Your business logic uses the interface and doesn't know if events go to memory, SQS, Kafka, or anywhere else. This matters for testing (use in-memory publisher and assert events were published), local dev (skip real AWS and avoid costs), and swappability (switch from SQS to Kafka without changing use case code). The pattern is simple but the flexibility is huge.

What's in a Job Queue?¶

Events tell you something happened. Job queues tell workers what to do. Here's my job queue interface:

class JobQueue(Protocol):
    async def enqueue(
        self,
        job_type: str,
        payload: dict,
        delay_seconds: int = 0
    ) -> str:
        """Enqueue a background job."""

For AWS, this maps to SQS:

class SQSQueue:
    async def enqueue(self, job_type, payload, delay_seconds=0):
        response = self._sqs.send_message(
            QueueUrl=self._queue_url,
            MessageBody=json.dumps({
                "job_type": job_type,
                "payload": payload
            }),
            DelaySeconds=delay_seconds
        )
        return response["MessageId"]

The delay parameter is useful - want to retry a failed job in 60 seconds? Just use enqueue(..., delay_seconds=60).

The Complete Flow¶

Let me walk through a document ingestion from start to finish. First, the user uploads a document and the API saves the file, enqueues a job, and returns immediately.
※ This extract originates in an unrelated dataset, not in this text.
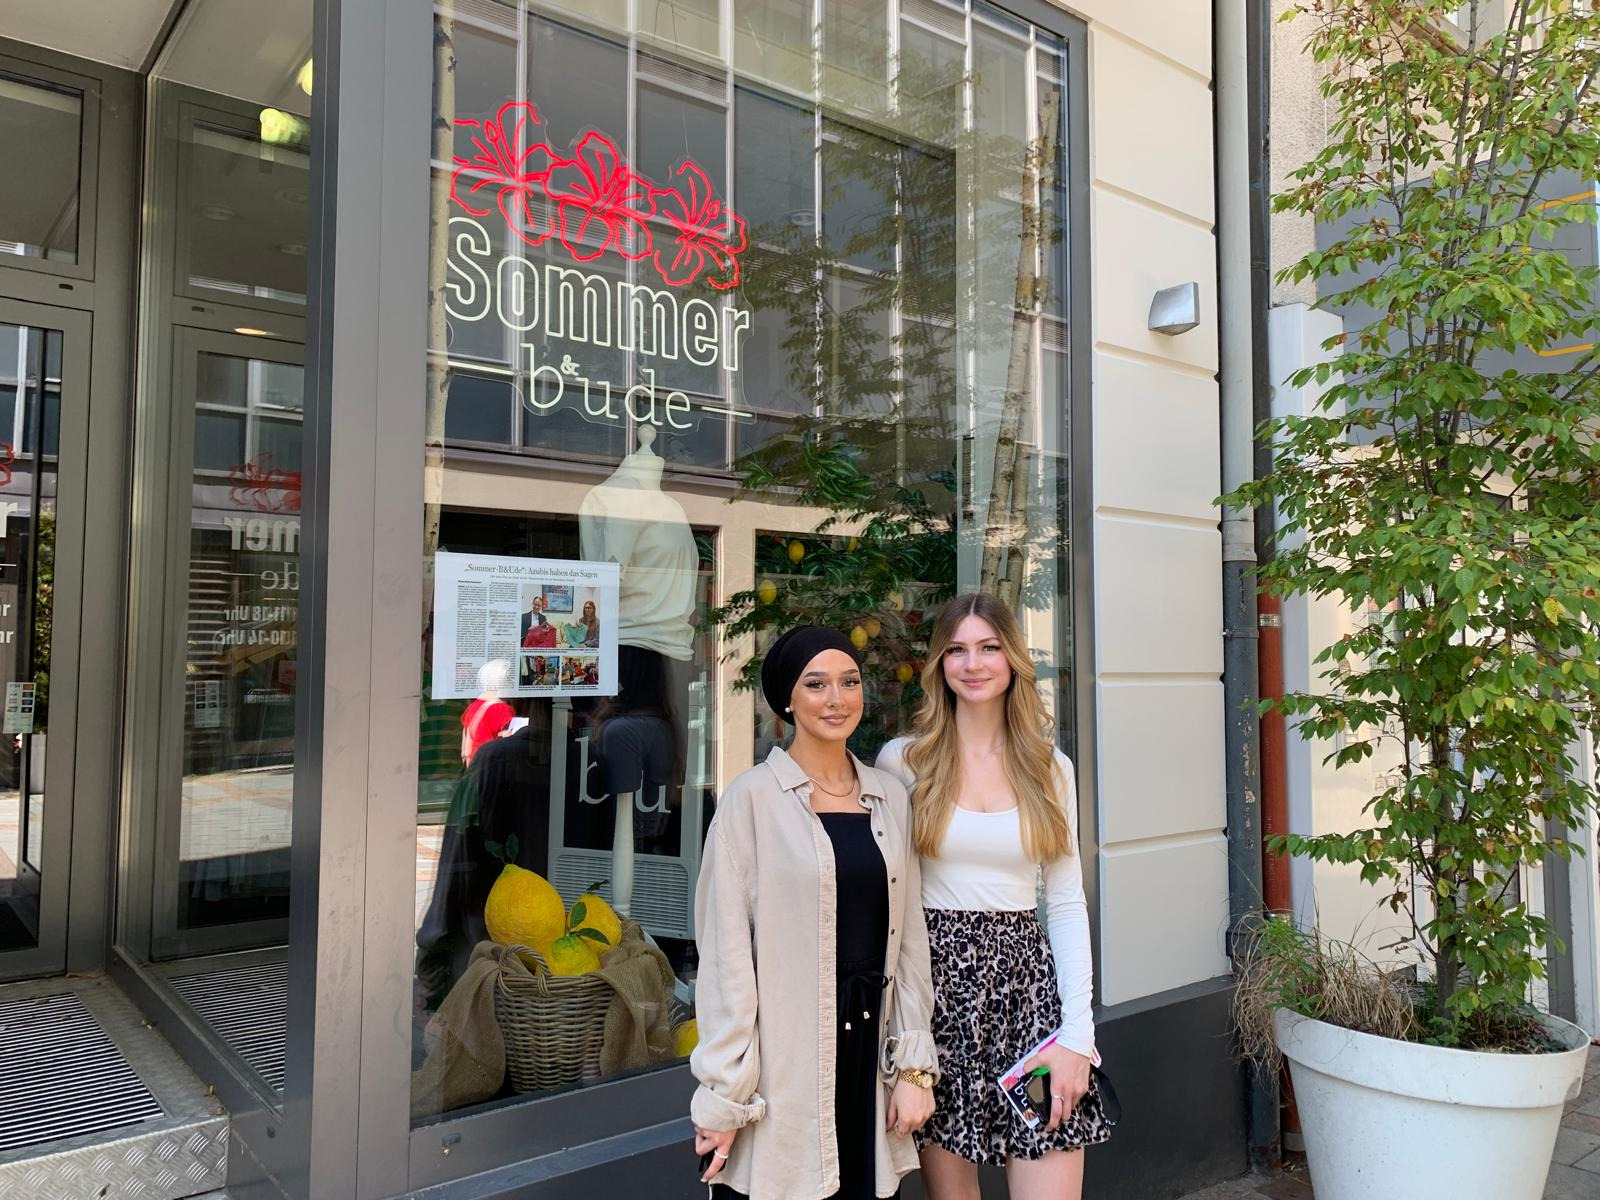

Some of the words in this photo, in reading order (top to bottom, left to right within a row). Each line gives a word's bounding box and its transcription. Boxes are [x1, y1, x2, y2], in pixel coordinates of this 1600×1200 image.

A worker picks up the job from the queue and starts processing. As it moves through each stage - extracting, chunking, embedding - it updates the document status and publishes progress events. When processing finishes, a final completion event is published and the document is ready for search. Optionally, a WebSocket consumer can push these updates to the browser in real time.

The user sees instant upload confirmation, then real-time progress, then completion - all without blocking the HTTP request for 46 seconds.

Complete Document Ingestion Flow

When to Use This Pattern¶

Event-driven architecture adds complexity, so it's not always worth it. Use it when operations take more than a few seconds, when you need to scale processing independently, when crash recovery matters, or when multiple systems need to react to the same event. Skip it when operations are fast (under 1 second), when you're building a simple CRUD app, or when the added complexity isn't justified yet.

I start synchronous. When I hit the pain - timeouts, scaling issues, user complaints - I refactor to events. Don't over-engineer early, but do recognize when it's time.

Wrapping Up¶

46 seconds became 200 milliseconds - not because I made the code faster, but because I changed when the work happened. The patterns aren't complicated: acknowledge fast, queue heavy work, process in the background, and notify when done. Each piece is straightforward, but together they transform user experience.

Event-driven architecture isn't just for big companies. It's for anyone tired of timeout errors and spinning loaders. Give it a try and your users will thank you.